(Data for processing)
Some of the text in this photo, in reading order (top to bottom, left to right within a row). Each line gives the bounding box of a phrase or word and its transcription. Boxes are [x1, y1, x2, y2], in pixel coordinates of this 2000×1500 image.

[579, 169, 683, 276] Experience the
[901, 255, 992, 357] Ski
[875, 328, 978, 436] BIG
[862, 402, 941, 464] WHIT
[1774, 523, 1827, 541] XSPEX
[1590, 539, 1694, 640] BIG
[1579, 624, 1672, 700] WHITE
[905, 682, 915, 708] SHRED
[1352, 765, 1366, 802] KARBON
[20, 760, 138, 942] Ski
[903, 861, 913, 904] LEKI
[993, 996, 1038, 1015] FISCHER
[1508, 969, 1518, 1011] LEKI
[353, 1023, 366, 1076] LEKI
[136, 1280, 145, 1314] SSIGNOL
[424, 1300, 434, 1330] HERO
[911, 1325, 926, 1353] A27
(End Data for processing)
[Problem description]
Every entry should be reproduced exactly, with no part omitted.

[Output for this task]
Some of the text in this photo, in reading order (top to bottom, left to right within a row). Each line gives the bounding box of a phrase or word and its transcription. Boxes are [x1, y1, x2, y2], in pixel coordinates of this 2000×1500 image.

[579, 169, 683, 276] Experience the
[901, 255, 992, 357] Ski
[875, 328, 978, 436] BIG
[862, 402, 941, 464] WHIT
[1774, 523, 1827, 541] XSPEX
[1590, 539, 1694, 640] BIG
[1579, 624, 1672, 700] WHITE
[905, 682, 915, 708] SHRED
[1352, 765, 1366, 802] KARBON
[20, 760, 138, 942] Ski
[903, 861, 913, 904] LEKI
[993, 996, 1038, 1015] FISCHER
[1508, 969, 1518, 1011] LEKI
[353, 1023, 366, 1076] LEKI
[136, 1280, 145, 1314] SSIGNOL
[424, 1300, 434, 1330] HERO
[911, 1325, 926, 1353] A27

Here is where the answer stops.